Do Early Birds Get the Worm? Improving Timeliness of Presidential Nomination Forecasts

Article excerpt

One of the challenges that researchers forecasting presidential nominations must overcome is the ability to make their predictions in a more timely manner. Two models successfully forecast wins for Al Gore and George Bush as the respective Democratic and Republican nominees in 2000 (Adkins and Dowdle 2001b; Mayer 2003a). Unfortunately, the lead time of each model was so short that neither was published until well after the party nominations were effectively secured (Democrat Bill Bradley and Republican John McCain both withdrew from contention on March 9). While scholars forecasting the general election employ a variety of measures of presidential approval and indicators of economic performance available many months before the date of the general election, the data in the nomination forecasting models are generally not available until late January or early February of the election year. The principal objective of this research is to investigate whether lead time can be improved by making use of data available well in advance of the beginning of the primary season.

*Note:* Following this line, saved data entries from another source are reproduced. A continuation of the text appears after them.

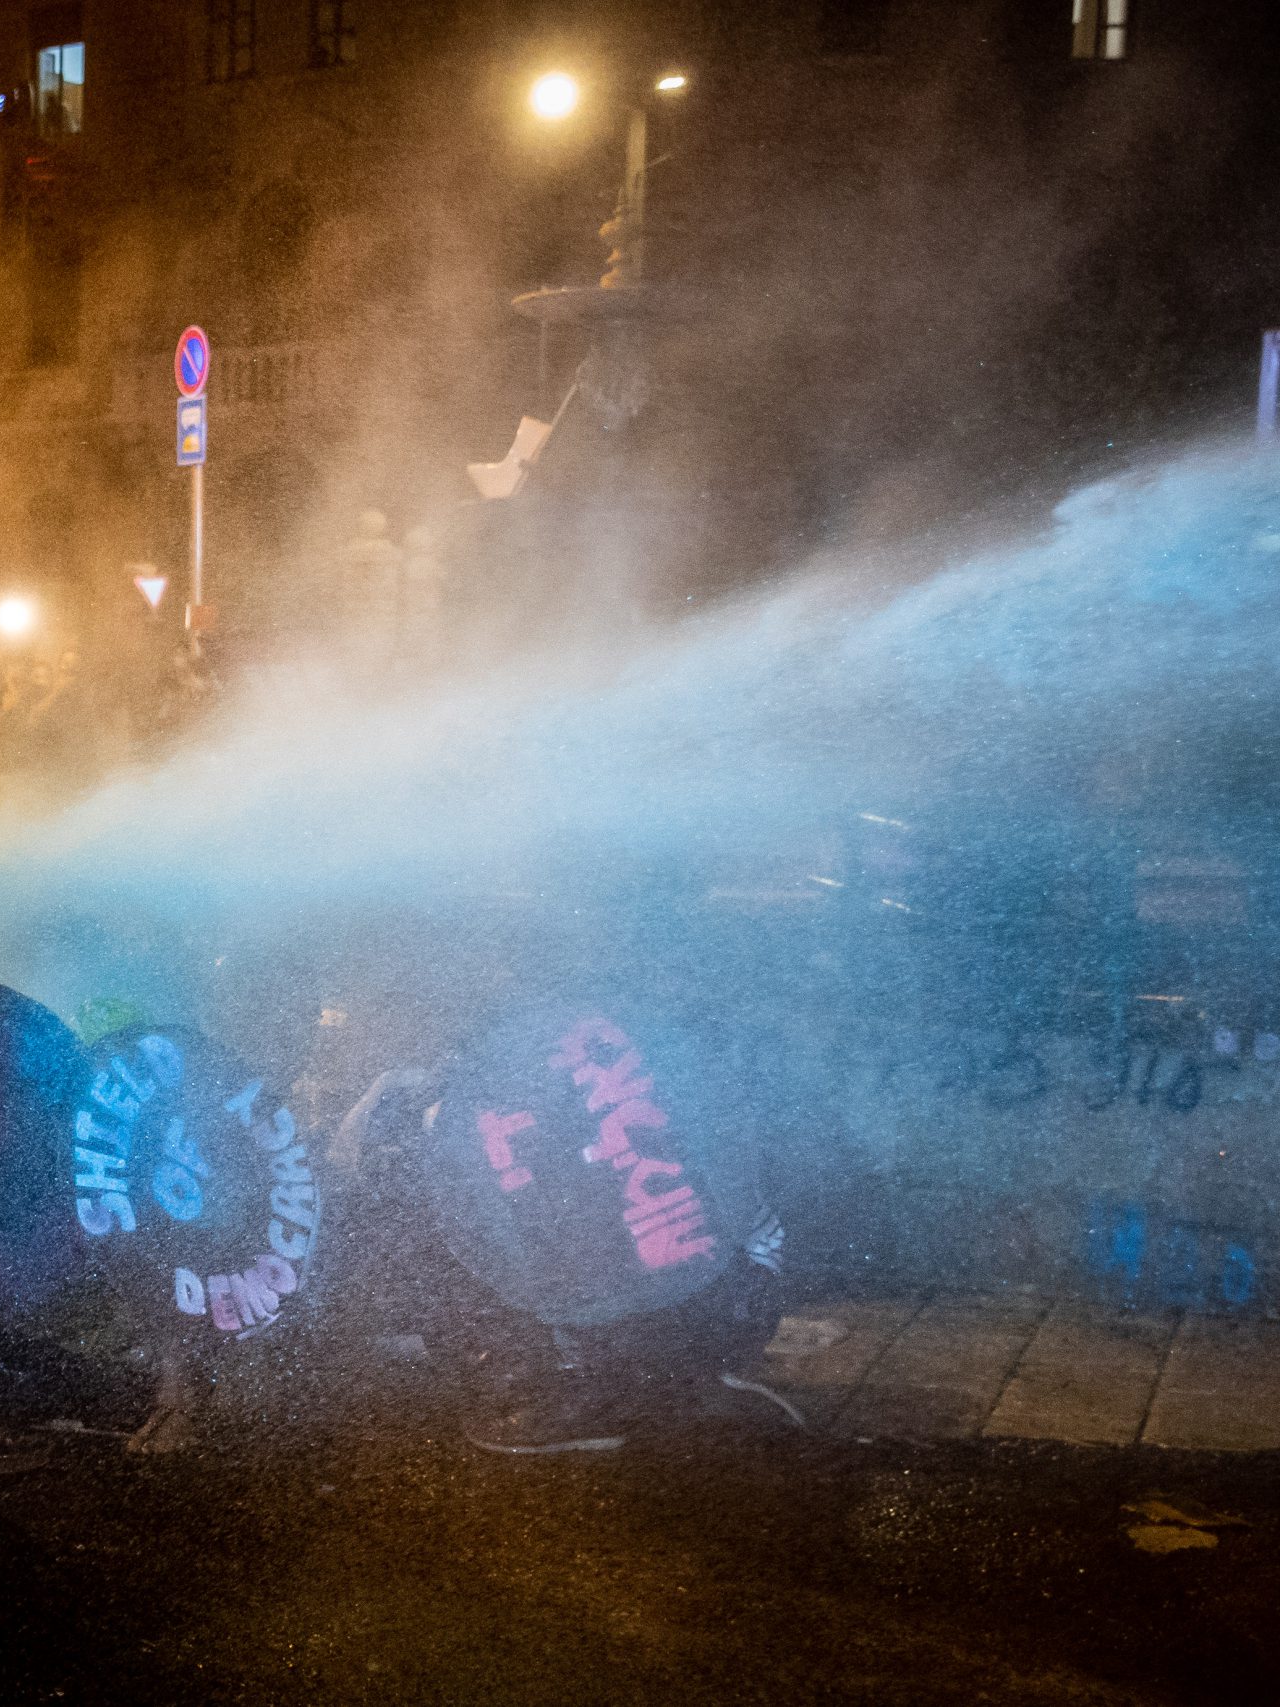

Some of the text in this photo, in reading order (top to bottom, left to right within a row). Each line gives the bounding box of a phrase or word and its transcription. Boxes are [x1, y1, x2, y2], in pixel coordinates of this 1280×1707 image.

[74, 1034, 185, 1236] SHIELD
[152, 1117, 211, 1222] OF
[174, 1079, 316, 1332] DEMOCRACY
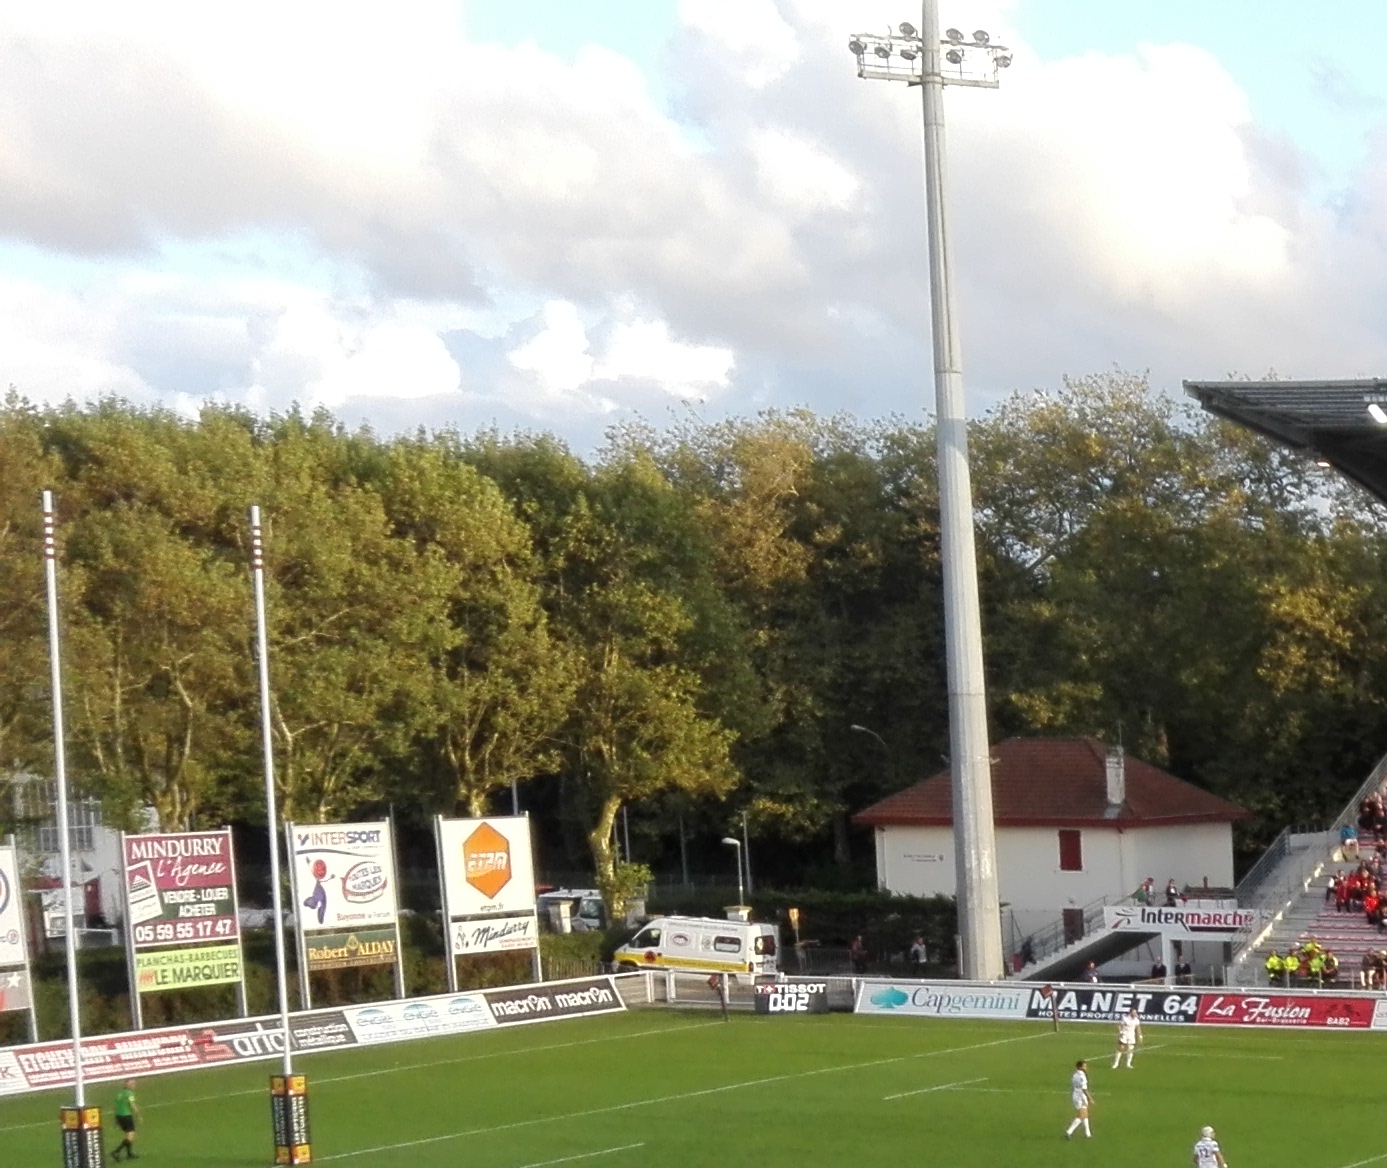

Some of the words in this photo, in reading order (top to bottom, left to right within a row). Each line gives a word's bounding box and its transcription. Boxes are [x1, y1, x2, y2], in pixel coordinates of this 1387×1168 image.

[311, 830, 381, 846] INTERSPORT
[131, 838, 223, 860] MINDURRY
[163, 890, 196, 904] VENDRE
[202, 888, 229, 900] LOUER
[178, 903, 217, 918] ACHETER
[136, 926, 154, 942] 05
[156, 924, 174, 940] 59
[176, 923, 194, 938] 55
[196, 921, 212, 936] 17
[215, 919, 232, 935] 47
[471, 920, 530, 949] Mindurry
[308, 947, 348, 961] Robert
[357, 940, 396, 956] ALDAY
[155, 968, 168, 985] LE
[172, 962, 239, 984] MARQUIER
[555, 987, 614, 1009] macron
[775, 983, 826, 995] TISSOT
[491, 994, 552, 1017] macron
[912, 988, 1020, 1016] Capgemini
[1163, 994, 1198, 1015] 64
[1206, 995, 1237, 1017] La
[1241, 996, 1312, 1023] Fusion
[1080, 1012, 1186, 1023] PROFESSNNELLES
[293, 1022, 350, 1038] construction
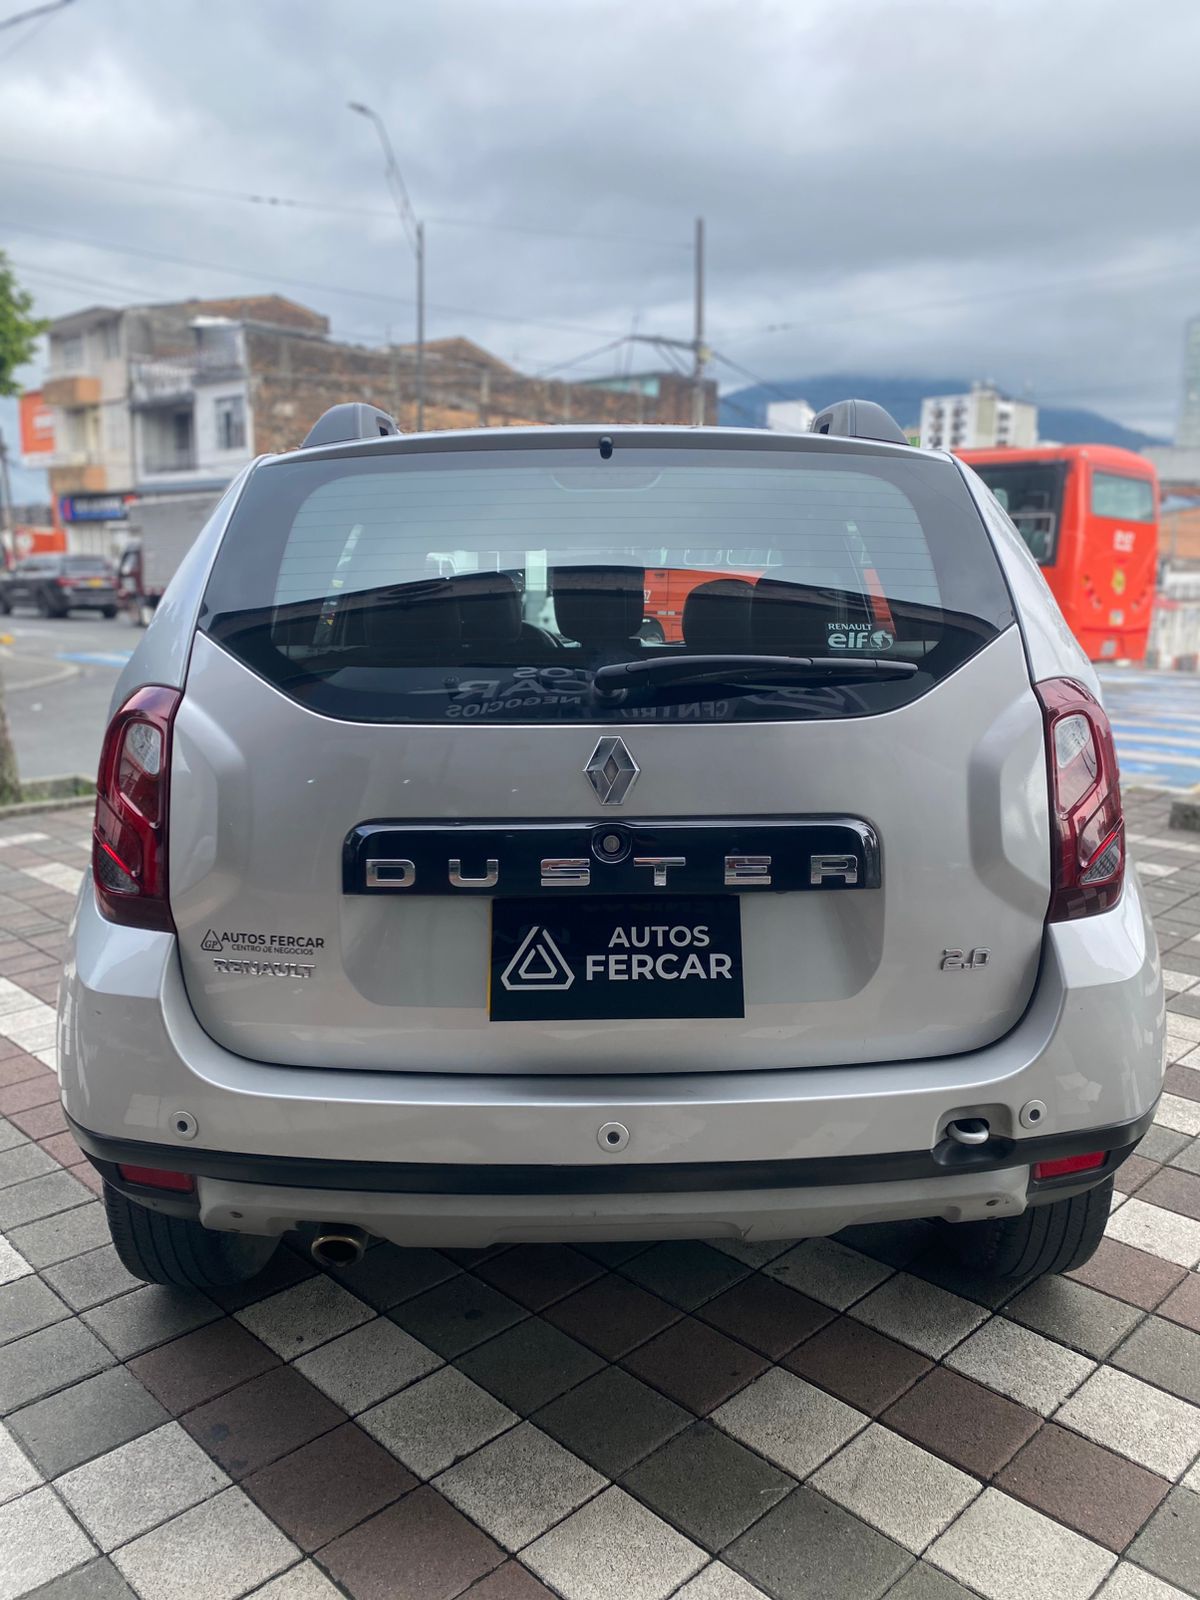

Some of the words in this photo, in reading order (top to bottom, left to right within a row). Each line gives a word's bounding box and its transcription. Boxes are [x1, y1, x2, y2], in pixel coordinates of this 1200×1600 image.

A secondary objective of this research is to address methodological issues surrounding the data traditionally used. Polling and fundraising are the two principal sources of data for forecasting presidential nominations. Unfortunately, these data are highly correlated and raise important questions about the validity of forecasting models (Adkins and Dowdle 2000, 2001a, 2001b; Steger 2000; Norrander 2000b). It is reasonable to assume that donors to presidential campaigns are strategic, choosing those who are well-known, well-respected, and viable candidates to win the nomination and general election. Thus, with only a few notable exceptions, such as John Connally in 1980 and Phil Gramm in 1996, fundraising in the early days of the campaign closely mirrors candidate standings in the polls. This research explores whether alternative measures of financial support and data available earlier in the year prior to the election can overcome these issues in forecasting presidential nominations and still produce accurate predictions of the party nominees well before the primary season begins.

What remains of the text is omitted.